*** DATA FOR PROCESSING ***
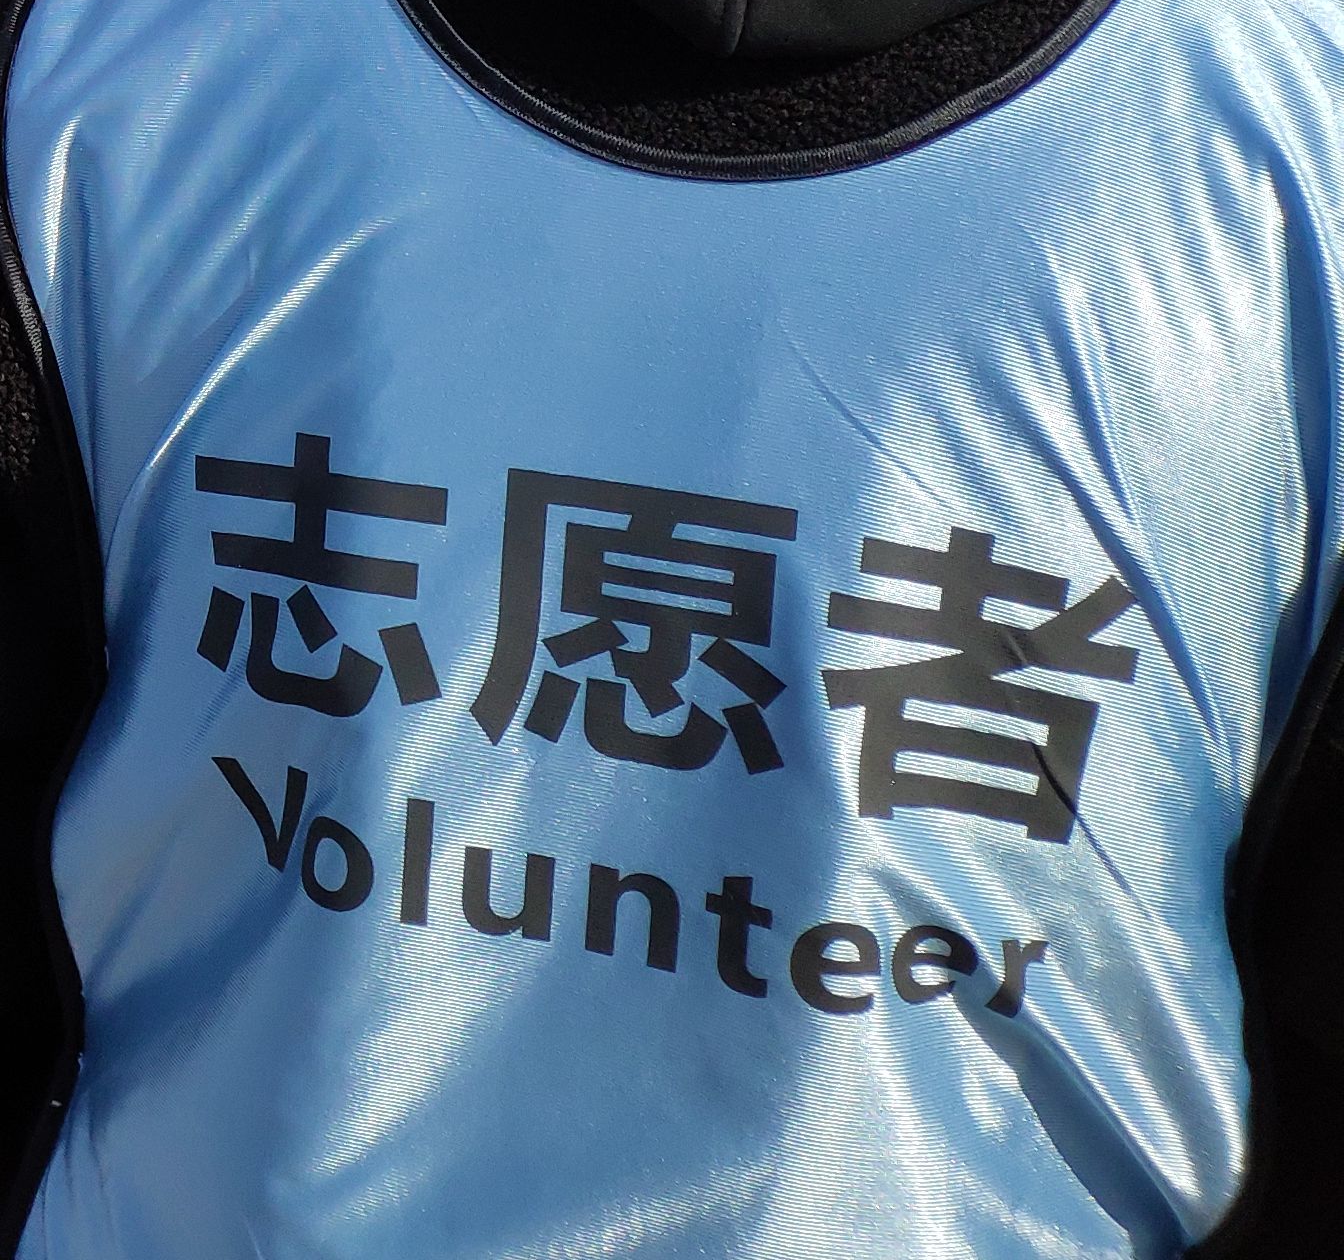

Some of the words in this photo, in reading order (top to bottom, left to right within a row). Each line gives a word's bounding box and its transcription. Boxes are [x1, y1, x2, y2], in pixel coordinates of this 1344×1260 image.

[194, 431, 1142, 847] 志愿者
[211, 755, 1050, 1019] Volunteer
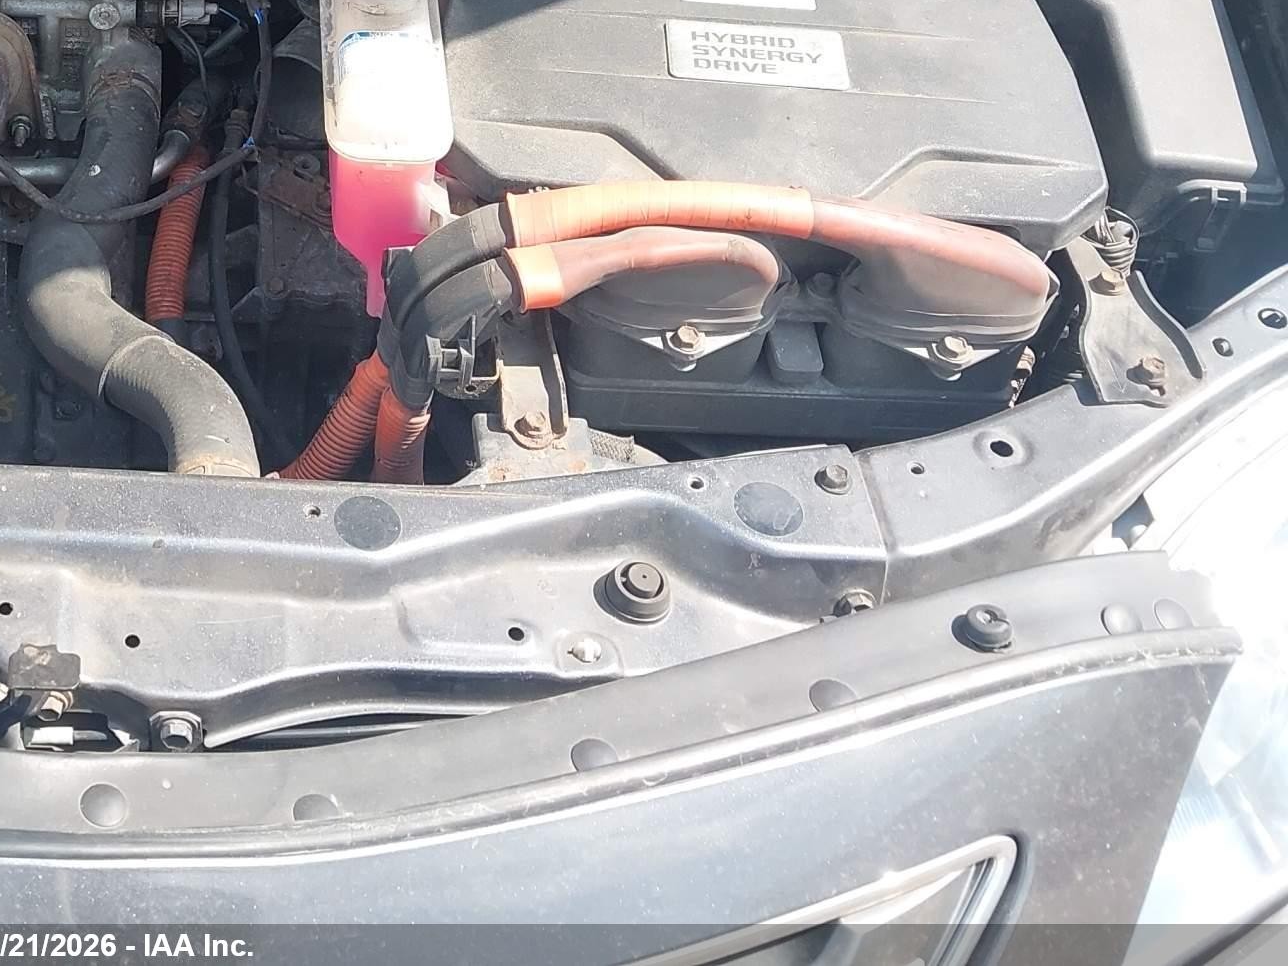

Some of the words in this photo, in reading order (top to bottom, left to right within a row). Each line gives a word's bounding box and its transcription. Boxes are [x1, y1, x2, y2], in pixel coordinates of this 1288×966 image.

[691, 31, 796, 49] HYBRID
[692, 44, 823, 64] SYNERGY
[693, 58, 780, 75] DRIVE
*** End of DATA FOR PROCESSING ***
## TASK TO CARRY OUT
The answer must be the line containing "this 1288×966 image." and every line after it through the last line of the records above, repeated exactly.

## YOUR RESPONSE
Some of the words in this photo, in reading order (top to bottom, left to right within a row). Each line gives a word's bounding box and its transcription. Boxes are [x1, y1, x2, y2], in pixel coordinates of this 1288×966 image.

[691, 31, 796, 49] HYBRID
[692, 44, 823, 64] SYNERGY
[693, 58, 780, 75] DRIVE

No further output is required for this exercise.